Field of Invention

The invention relates to a modular converter that comprises the necessary modules (sometimes called cells or submodules) to extinguish the current produced by a DC fault and to disconnect the converter from the defective DC line. The present invention also relates to a method that performs the steps for mitigating the effects of said current with the proposed modular converter.

State of the Art

The modular multilevel converter (MMC) was disclosed by A. Lesnicar and R. Marquardt in articles such as "An Innovative Modular Multilevel Converter Topology Suitable for a Wide Power Range" and "A new modular voltage source inverter topology" in 2003. This topology usually comprises a 3-phase AC connection and a 2- node DC connection with a branch between each combination of an AC phase and a DC node. The original topology disclosed in said articles used a half-bridge circuit for each module in the branches, all of them orientated in the same direction.

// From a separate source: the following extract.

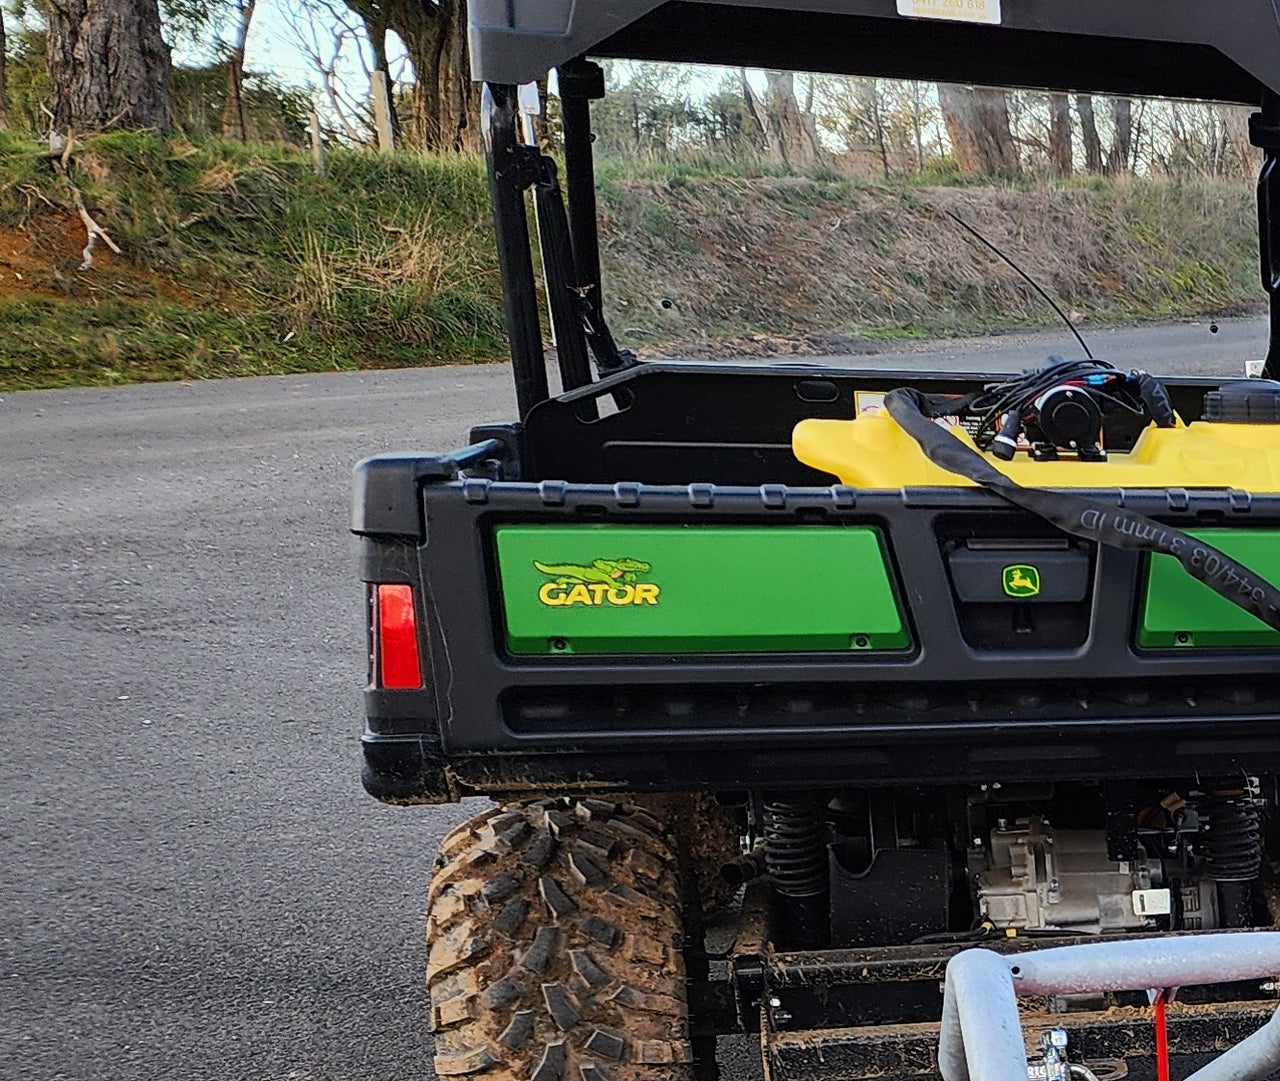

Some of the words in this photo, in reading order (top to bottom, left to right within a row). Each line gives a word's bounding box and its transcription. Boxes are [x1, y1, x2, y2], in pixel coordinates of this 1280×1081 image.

[1080, 509, 1104, 528] ID
[1113, 516, 1186, 555] 31mm
[1191, 547, 1266, 602] 344/03
[538, 582, 660, 606] GATOR

However, as R. Marquardt has later stated in "Modular Multilevel Converter: A universal concept for HVDC-Networks and extended DC-Bus-applications" and in "Modular Multilevel Topologies with DC-Short Circuit Current Limitation" (dating from 2010 and 201 1 respectively) these types of modules are unable of extinguishing branch overcurrent induced by a short circuit in the DC line. As an alternative two other known topologies are presented for the modules: the full bridge and the clamp-double- submodule. Both of them allow the converter to have branch voltages which oppose the current in both directions. The clamp-double-submodule is usually better suited since the full-bridge cell requires more controllable semiconductors while not adding any special advantage (this may depend on the application).

The patent application WO2012103936 combines full-bridge modules with half-bridge modules to solve the same problem. This alternative uses less diodes than the clamp- double-submodule, although it requires the full-bridge modules capacitors to store more energy in case of a fault since only these capacitors will absorb energy when extinguishing the current.

In spite of reducing the current, both ways (full-bridge and clamp-double-submodule) require to store a certain amount of energy in the modules capacitors. This is necessary due to the branches inductances, which store energy in form of current. Upon a DC short circuit, the branch currents will increase fast. By the time the overcurrent is detected and the semiconductors are commanded to open, the energy stored by the inductances can be considerably high. This energy must be allocated among the modules capacitors so that it transforms from current energy (stored by the inductances) to voltage energy (stored by the capacitors). This means the capacitors, which play an important role during the converter normal behaviour, must be designed for this failure and may not be optimized for the normal operation. Moreover, once the converter has been disconnected from the DC line, if it is intended to continue working with the AC line (for example as STATCOM) its capacitors will be overcharged for a time.

Brief description of the invention

In view of the exposed problems, a new converter is proposed including a new type of adapting module.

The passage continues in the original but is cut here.